BEGIN SUPPLIED RECORDS
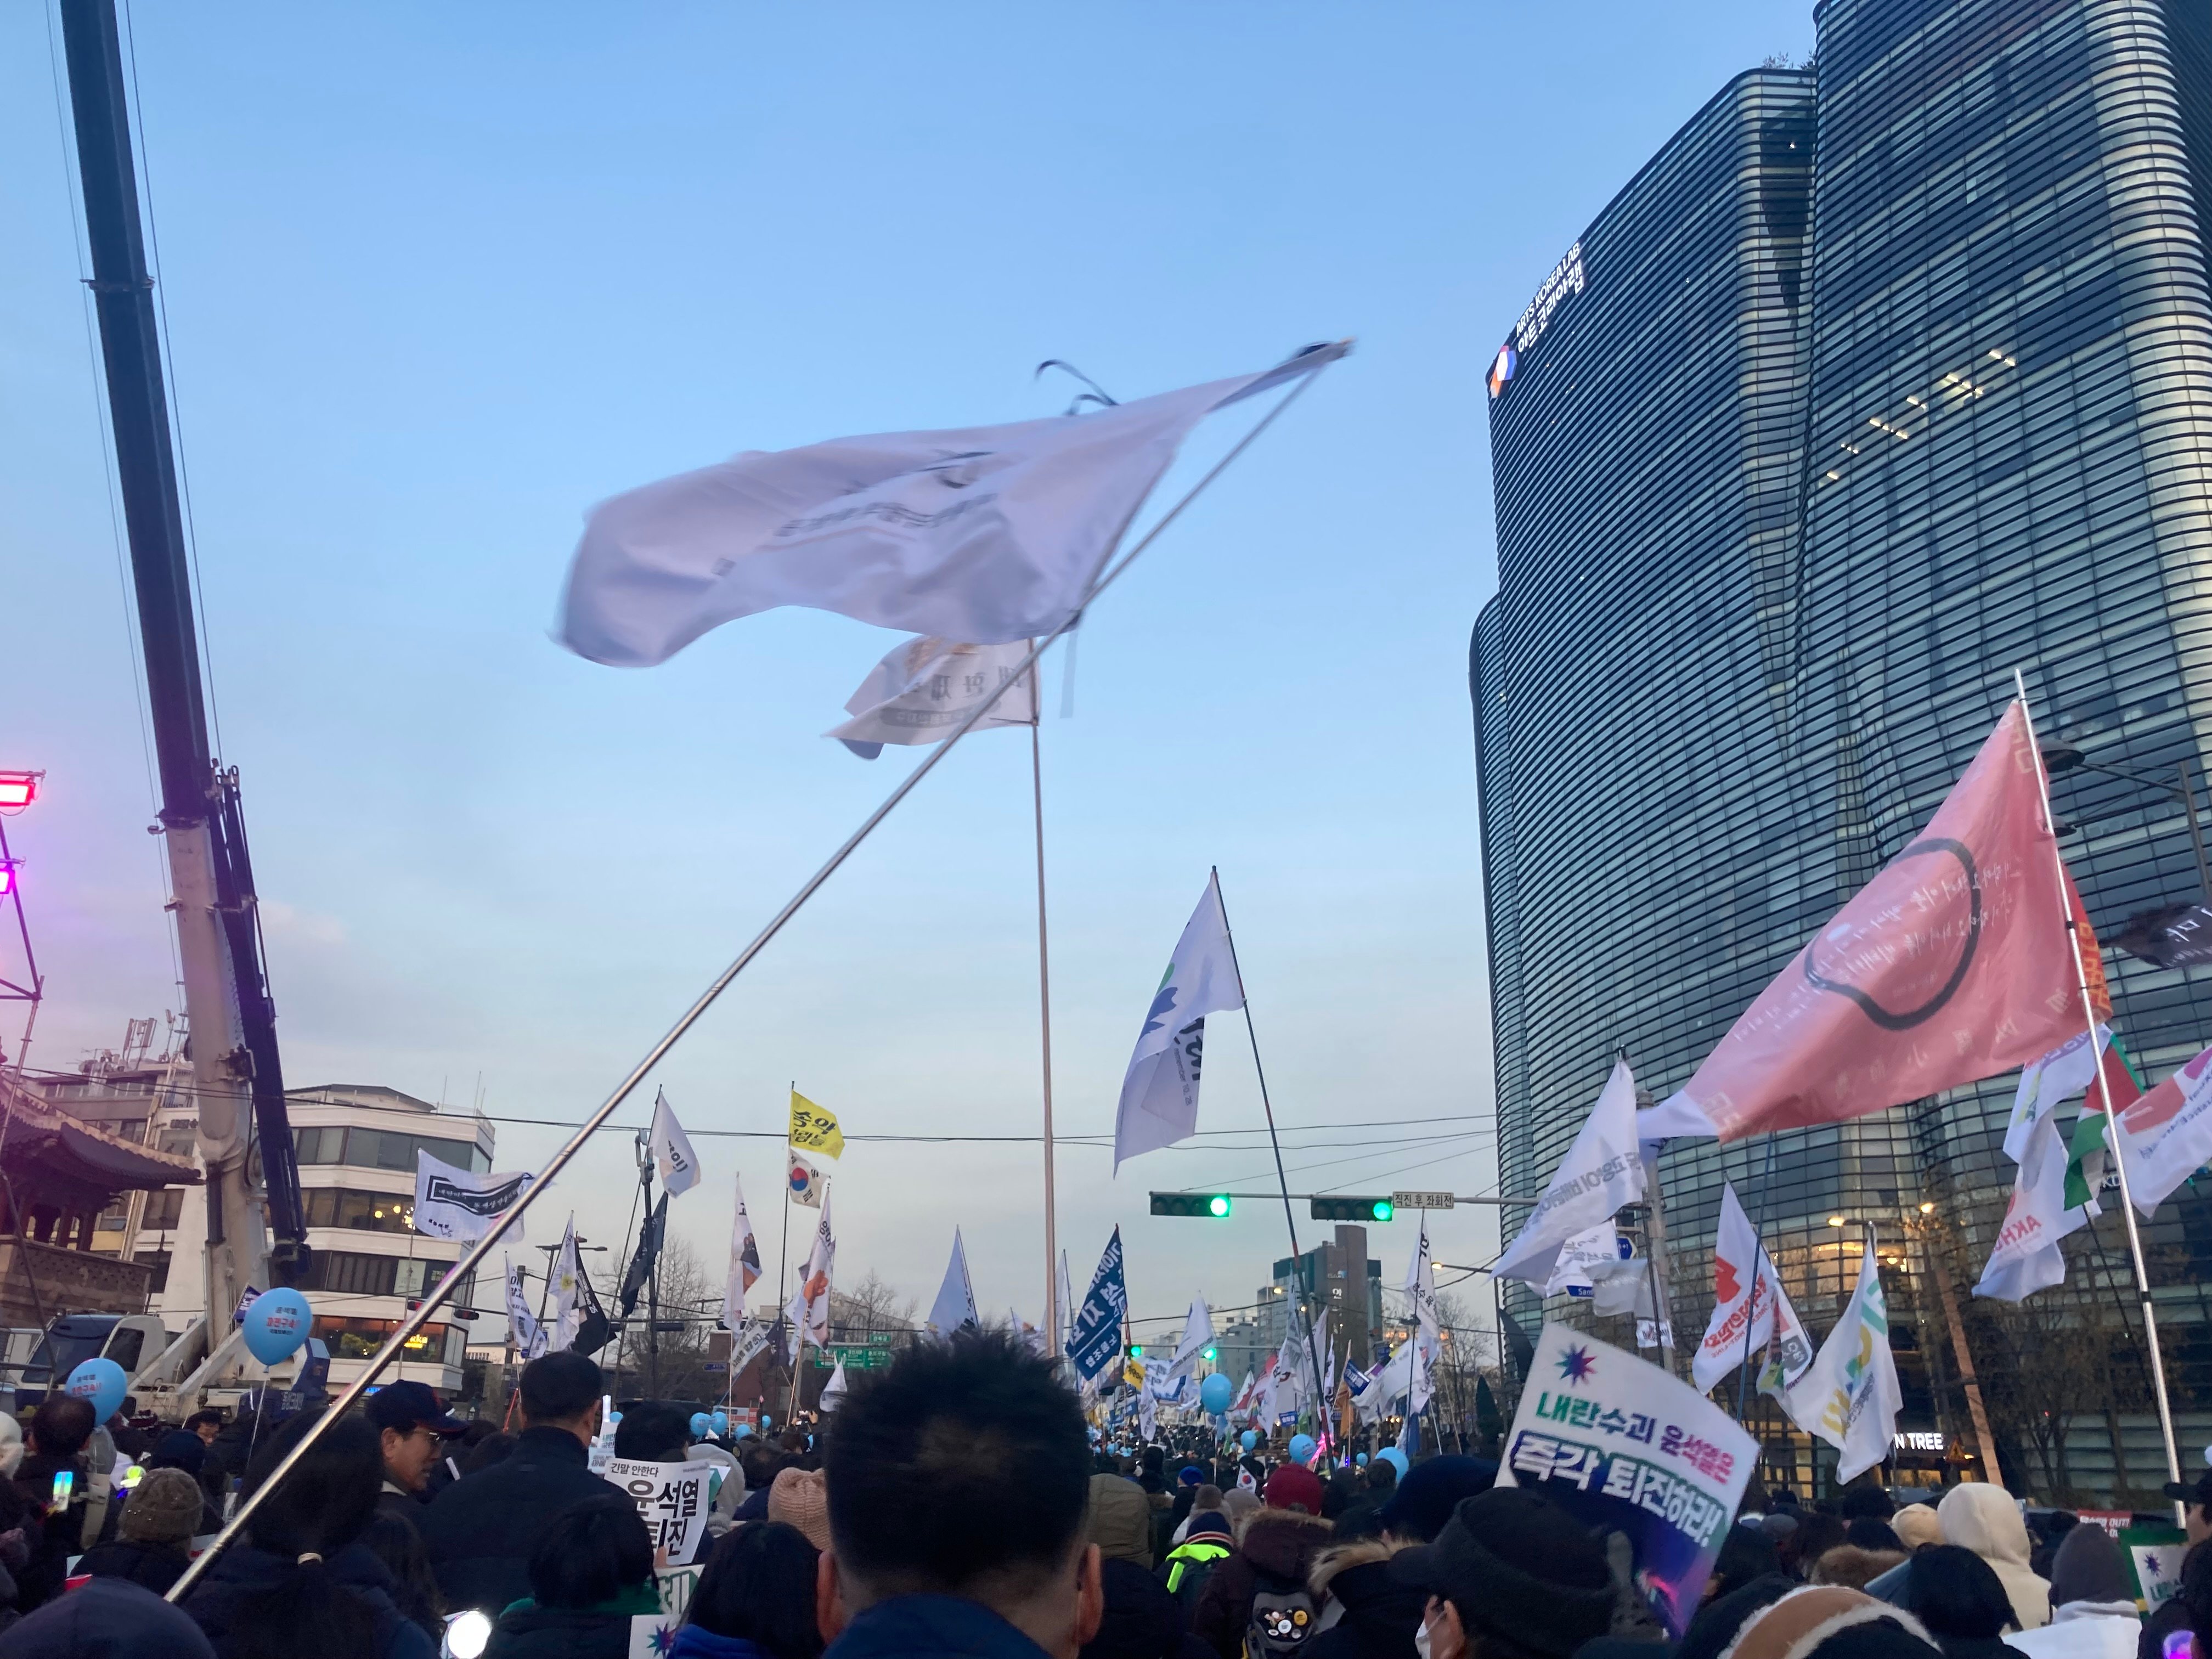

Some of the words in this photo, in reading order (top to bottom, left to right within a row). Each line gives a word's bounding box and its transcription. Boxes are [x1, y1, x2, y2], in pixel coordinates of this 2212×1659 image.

[1516, 302, 1534, 337] ARTS
[1534, 267, 1564, 309] KOREA
[1562, 242, 1581, 272] LAB
[1517, 259, 1584, 353] 아트코리아랩
[1395, 1194, 1412, 1206] 직진
[1415, 1193, 1423, 1206] 후
[1426, 1194, 1452, 1207] 좌회전
[611, 1462, 630, 1475] 긴말
[631, 1465, 659, 1478] 안한다
[1536, 1391, 1657, 1444] 내란수괴
[1660, 1424, 1735, 1486] 윤석열은
[1907, 1432, 1944, 1450] TREE
[627, 1478, 699, 1519] 윤석열
[1510, 1435, 1601, 1491] 즉각
[1601, 1457, 1723, 1549] 퇴진하라!
END SUPPLIED RECORDS
* [EXERCISE]:
Could you reproduce the records above exactly, leaving out every picture?

* [FINISHED TASK]:
Some of the words in this photo, in reading order (top to bottom, left to right within a row). Each line gives a word's bounding box and its transcription. Boxes are [x1, y1, x2, y2], in pixel coordinates of this 2212×1659 image.

[1516, 302, 1534, 337] ARTS
[1534, 267, 1564, 309] KOREA
[1562, 242, 1581, 272] LAB
[1517, 259, 1584, 353] 아트코리아랩
[1395, 1194, 1412, 1206] 직진
[1415, 1193, 1423, 1206] 후
[1426, 1194, 1452, 1207] 좌회전
[611, 1462, 630, 1475] 긴말
[631, 1465, 659, 1478] 안한다
[1536, 1391, 1657, 1444] 내란수괴
[1660, 1424, 1735, 1486] 윤석열은
[1907, 1432, 1944, 1450] TREE
[627, 1478, 699, 1519] 윤석열
[1510, 1435, 1601, 1491] 즉각
[1601, 1457, 1723, 1549] 퇴진하라!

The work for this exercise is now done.